> [Directions]: Every entry that follows should be output exactly, and every image in it left out.

> [Records for processing]:
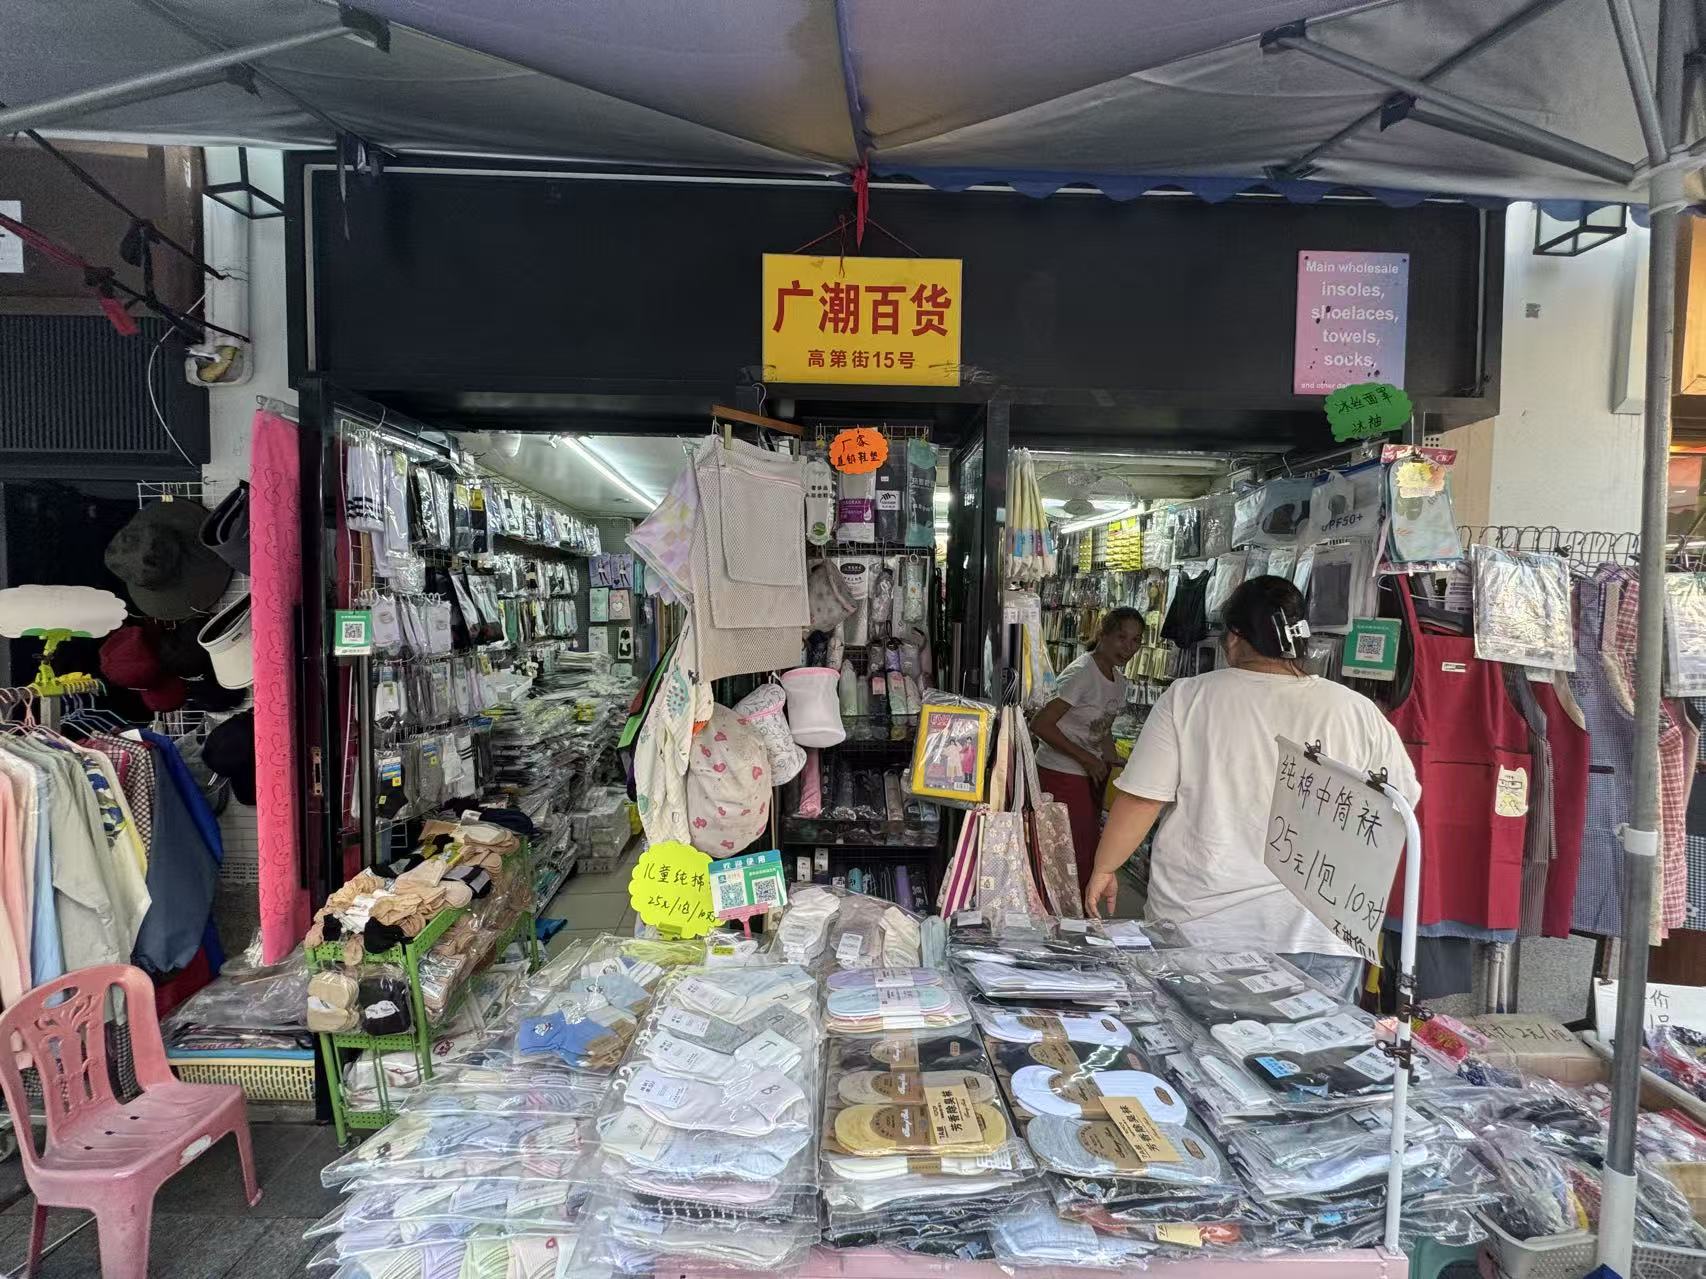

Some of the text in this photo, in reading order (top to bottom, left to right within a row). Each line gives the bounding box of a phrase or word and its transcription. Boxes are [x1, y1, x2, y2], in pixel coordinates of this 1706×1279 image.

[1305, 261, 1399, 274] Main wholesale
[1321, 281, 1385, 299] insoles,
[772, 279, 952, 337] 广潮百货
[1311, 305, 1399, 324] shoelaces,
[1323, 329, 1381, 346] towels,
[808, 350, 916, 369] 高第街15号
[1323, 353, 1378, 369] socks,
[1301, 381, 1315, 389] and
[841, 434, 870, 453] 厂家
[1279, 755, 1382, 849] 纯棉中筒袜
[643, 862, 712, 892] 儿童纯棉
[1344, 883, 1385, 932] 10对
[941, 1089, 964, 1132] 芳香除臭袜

> [Written solution]:
Some of the text in this photo, in reading order (top to bottom, left to right within a row). Each line gives the bounding box of a phrase or word and its transcription. Boxes are [x1, y1, x2, y2], in pixel coordinates of this 1706×1279 image.

[1305, 261, 1399, 274] Main wholesale
[1321, 281, 1385, 299] insoles,
[772, 279, 952, 337] 广潮百货
[1311, 305, 1399, 324] shoelaces,
[1323, 329, 1381, 346] towels,
[808, 350, 916, 369] 高第街15号
[1323, 353, 1378, 369] socks,
[1301, 381, 1315, 389] and
[841, 434, 870, 453] 厂家
[1279, 755, 1382, 849] 纯棉中筒袜
[643, 862, 712, 892] 儿童纯棉
[1344, 883, 1385, 932] 10对
[941, 1089, 964, 1132] 芳香除臭袜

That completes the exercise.